#### [Exercise]
Produce a verbatim copy of the records, and keep the images out of it.

#### [Data section]
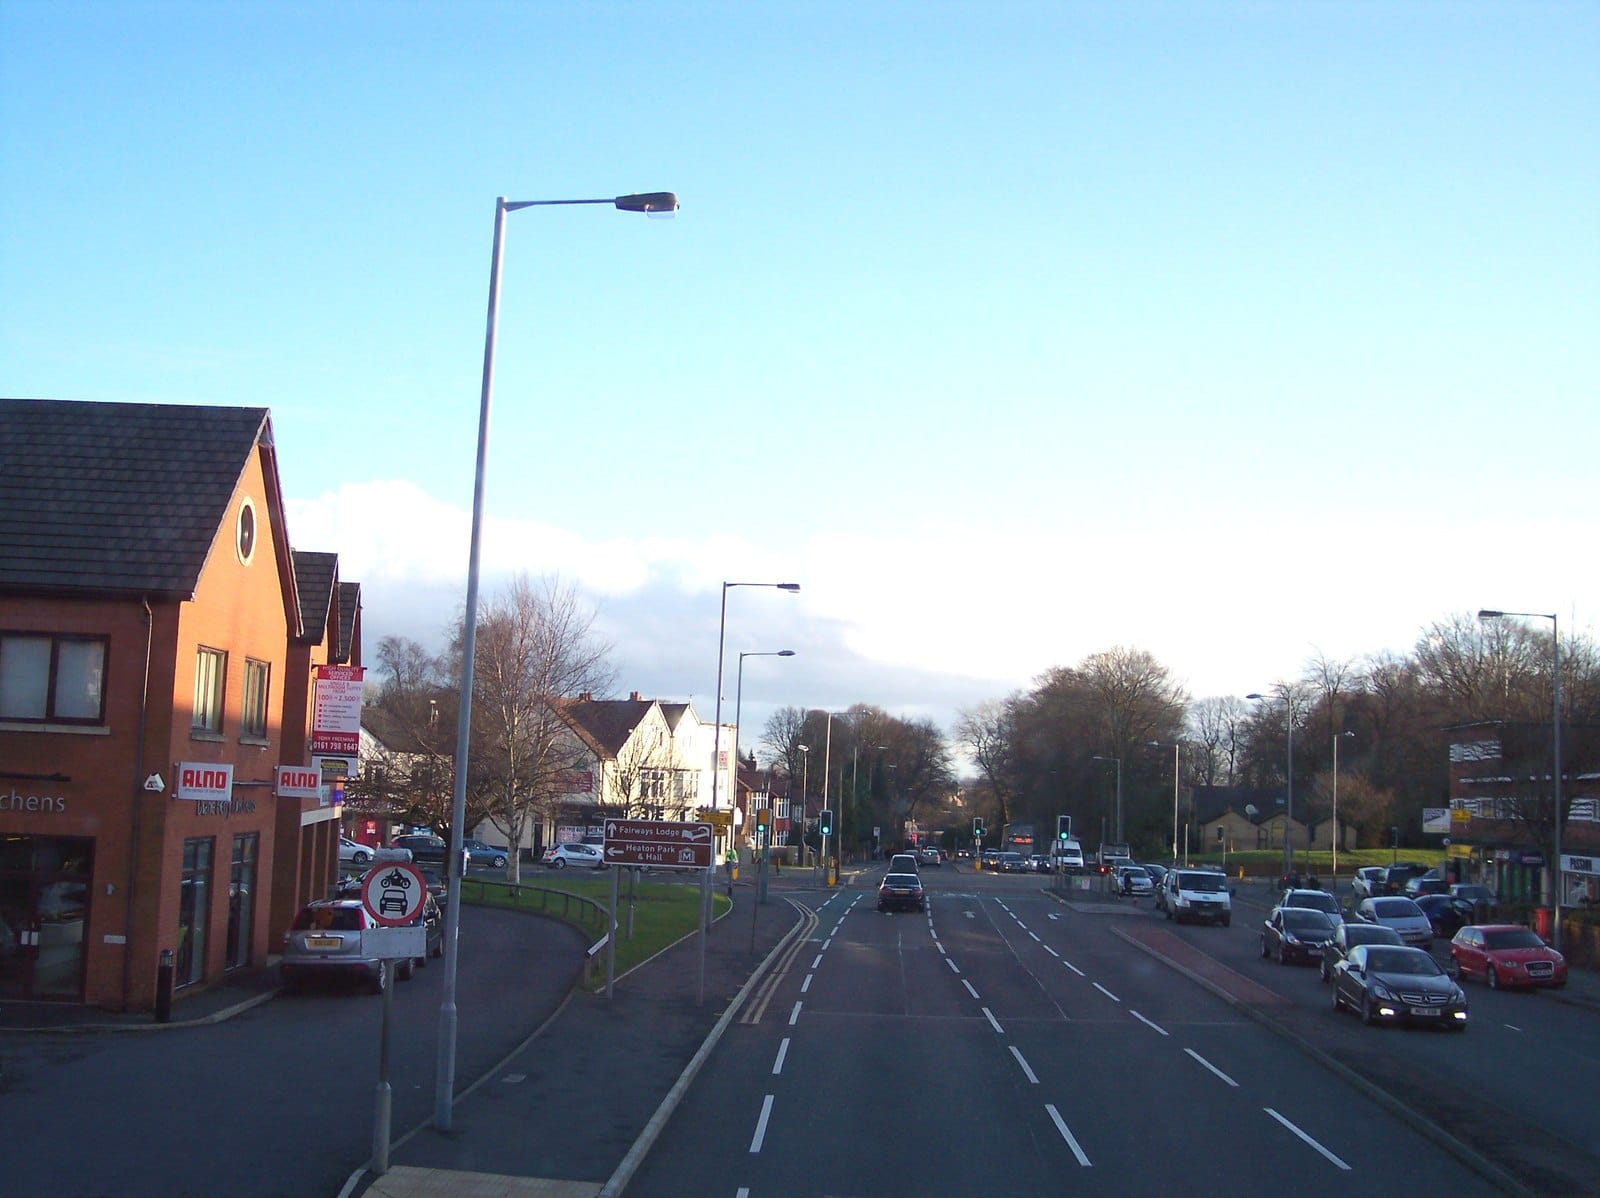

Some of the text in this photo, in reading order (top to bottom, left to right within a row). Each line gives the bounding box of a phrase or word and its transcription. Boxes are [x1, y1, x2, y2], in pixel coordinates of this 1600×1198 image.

[313, 741, 328, 749] 0161
[343, 743, 358, 751] 1647
[182, 769, 227, 789] ALNO
[281, 772, 318, 788] ALNO
[0, 788, 65, 813] chens
[619, 826, 680, 836] Fairways Lodge
[625, 844, 676, 853] Heaton Park
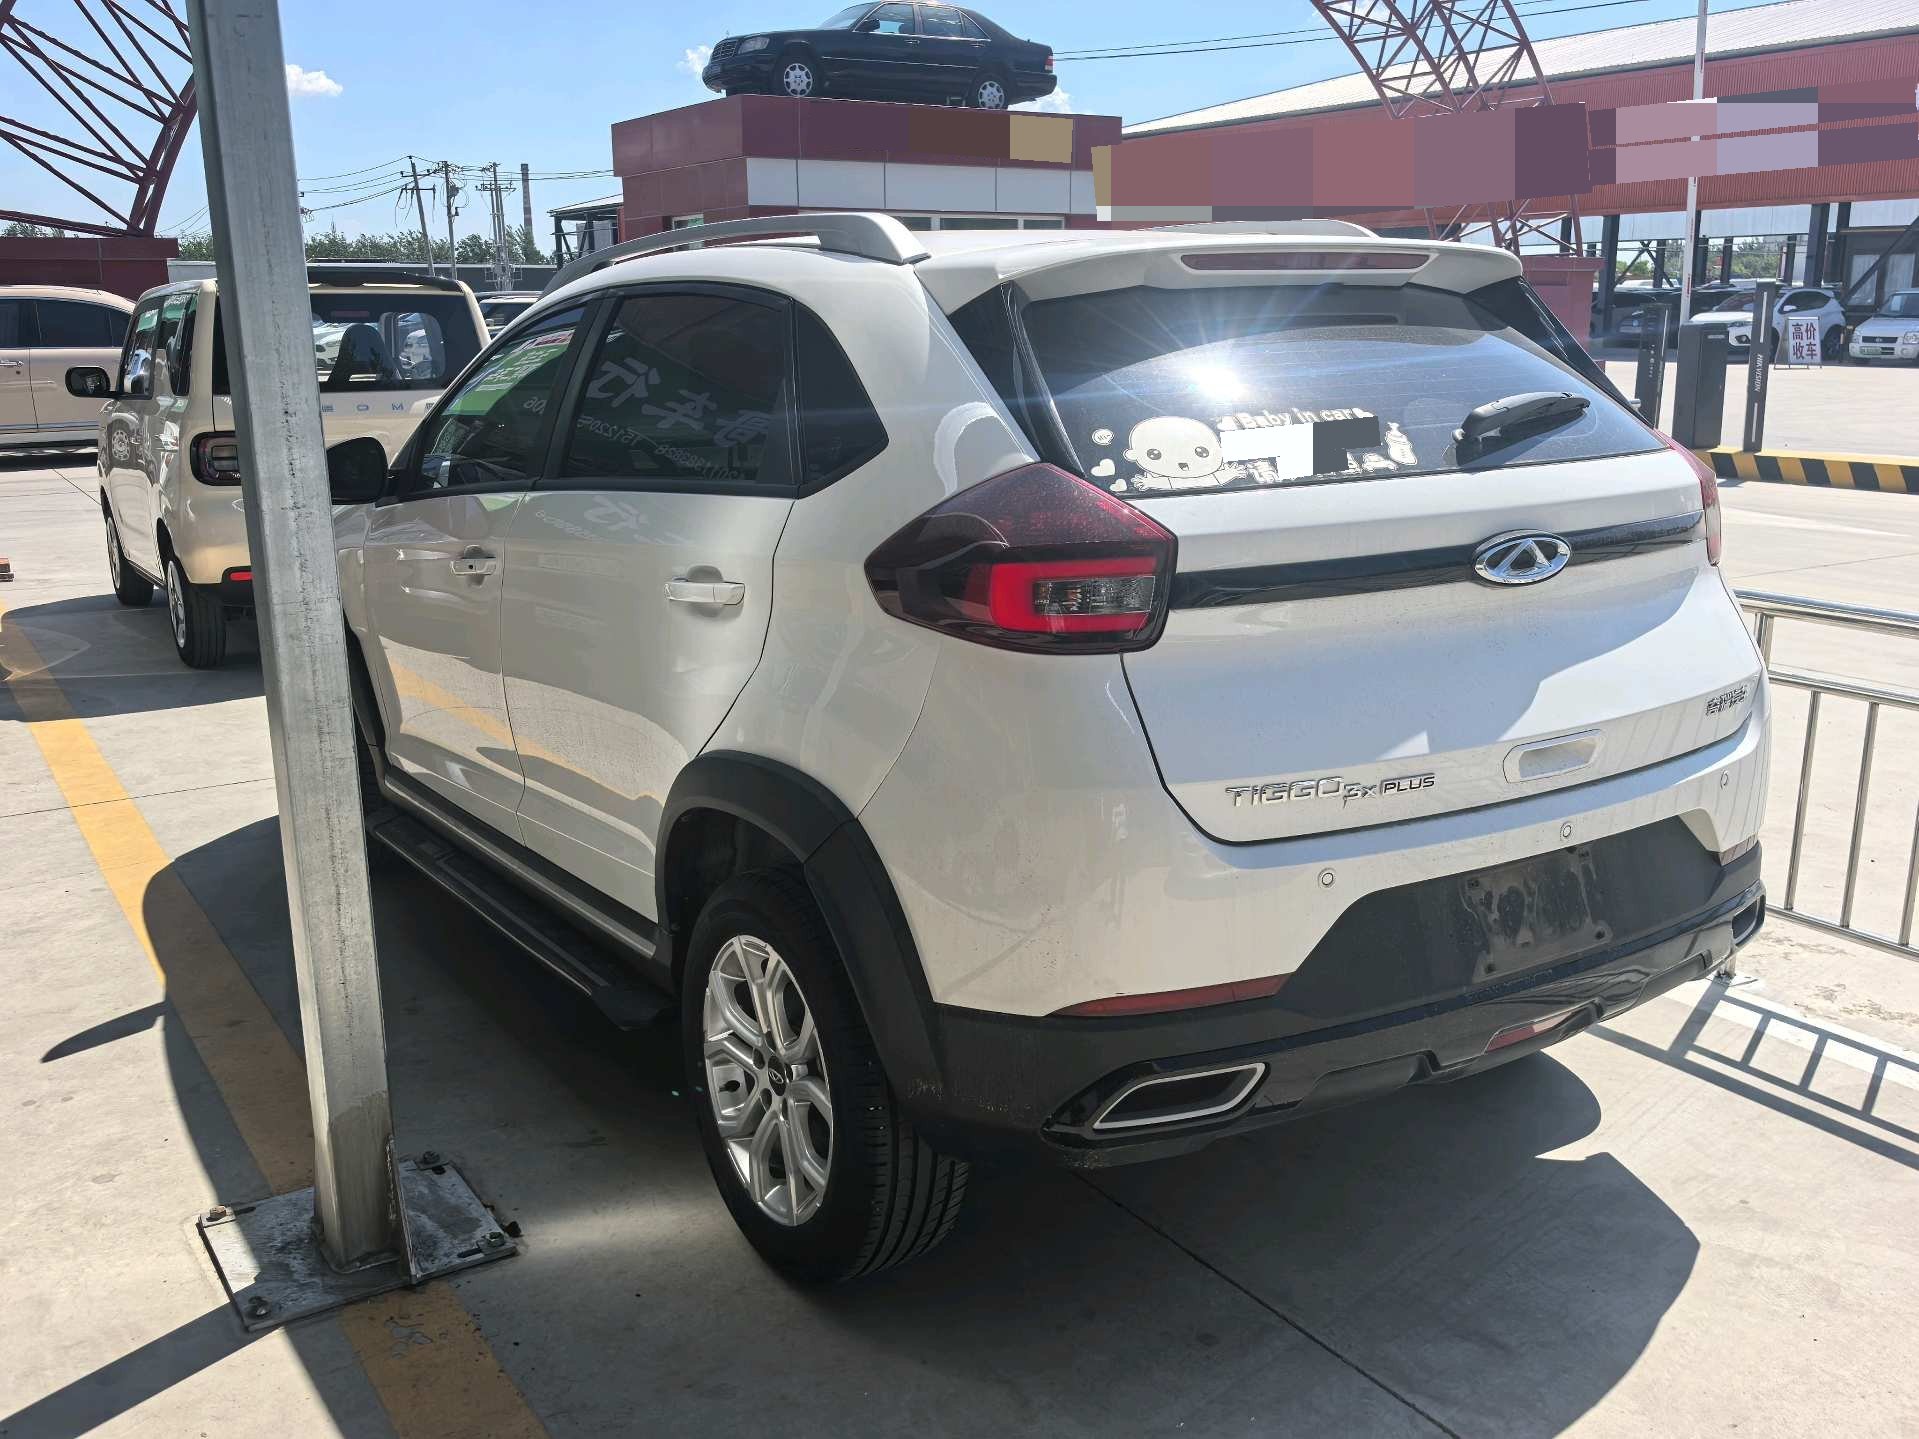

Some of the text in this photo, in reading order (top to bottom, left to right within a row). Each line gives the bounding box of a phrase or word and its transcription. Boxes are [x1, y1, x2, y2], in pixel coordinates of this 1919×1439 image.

[1791, 322, 1817, 341] 高价
[1792, 341, 1817, 360] 收车
[1754, 353, 1764, 392] HIKVISION
[1236, 409, 1291, 430] Baby
[1225, 776, 1344, 807] TIGGO
[1382, 773, 1435, 795] PLUS

#### [Exercise answer]
Some of the text in this photo, in reading order (top to bottom, left to right within a row). Each line gives the bounding box of a phrase or word and its transcription. Boxes are [x1, y1, x2, y2], in pixel coordinates of this 1600×1198 image.

[313, 741, 328, 749] 0161
[343, 743, 358, 751] 1647
[182, 769, 227, 789] ALNO
[281, 772, 318, 788] ALNO
[0, 788, 65, 813] chens
[619, 826, 680, 836] Fairways Lodge
[625, 844, 676, 853] Heaton Park

Some of the text in this photo, in reading order (top to bottom, left to right within a row). Each line gives the bounding box of a phrase or word and its transcription. Boxes are [x1, y1, x2, y2], in pixel coordinates of this 1919×1439 image.

[1791, 322, 1817, 341] 高价
[1792, 341, 1817, 360] 收车
[1754, 353, 1764, 392] HIKVISION
[1236, 409, 1291, 430] Baby
[1225, 776, 1344, 807] TIGGO
[1382, 773, 1435, 795] PLUS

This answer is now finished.